This medication may decrease the effectiveness of hormonal birth control such as pills, patch, or ring. This could cause pregnancy. Talk to your doctor about additional or alternative reliable forms of birth control, and always use an effective barrier method (latex or polyurethane condoms/dental dams) during all sexual activity to decrease the risk of spreading HIV to others. Tell your doctor if you have any new spotting or breakthrough bleeding, because these may be signs that your hormonal birth control is not working well.
If someone has overdosed and has serious symptoms such as passing out or trouble breathing, call 911. Otherwise, call a poison control center right away. US residents can call their local poison control center at 1-800-222-1222. Canada residents can call a provincial poison control center.
Do not share this medication with others.
Laboratory and/or medical tests (such as viral load, T-cell counts, liver tests, cholesterol/triglyceride levels, blood sugar levels) should be performed periodically to monitor your progress or check for side effects. Consult your doctor for more details.

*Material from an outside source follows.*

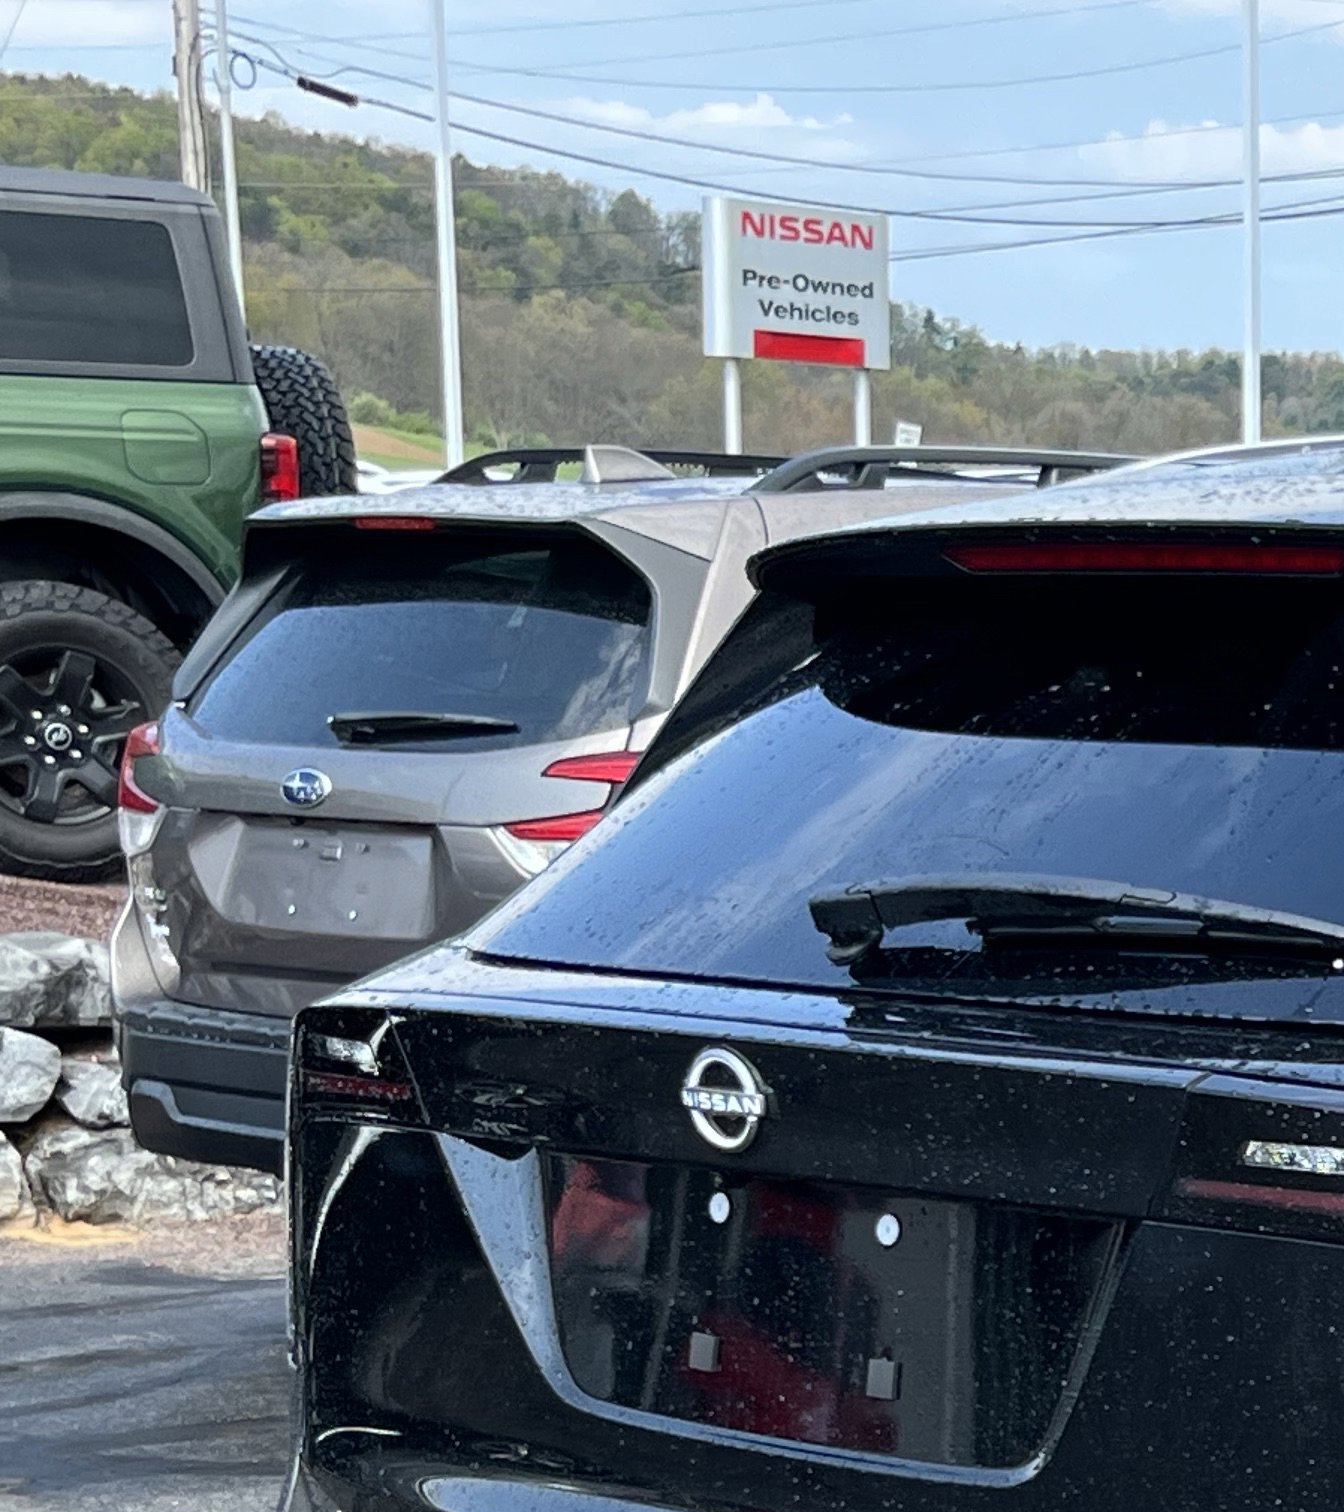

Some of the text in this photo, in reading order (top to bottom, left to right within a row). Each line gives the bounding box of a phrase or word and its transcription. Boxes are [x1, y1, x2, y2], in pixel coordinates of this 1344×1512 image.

It is important not to miss doses of this drug. If you miss a dose by less than 4 hours, take it as soon as you remember. However, if you miss a dose by more than 4 hours, skip the missed dose. Take your next dose at the regular time. Do not double the dose to catch up.
Store the tablets in a tightly closed container at room temperature away from light and moisture.
Store the suspension in a tightly closed container at room temperature or in the refrigerator. Refrigeration may improve the taste of the suspension. Do not freeze.
Do not store in the bathroom. Keep all medications away from children and pets.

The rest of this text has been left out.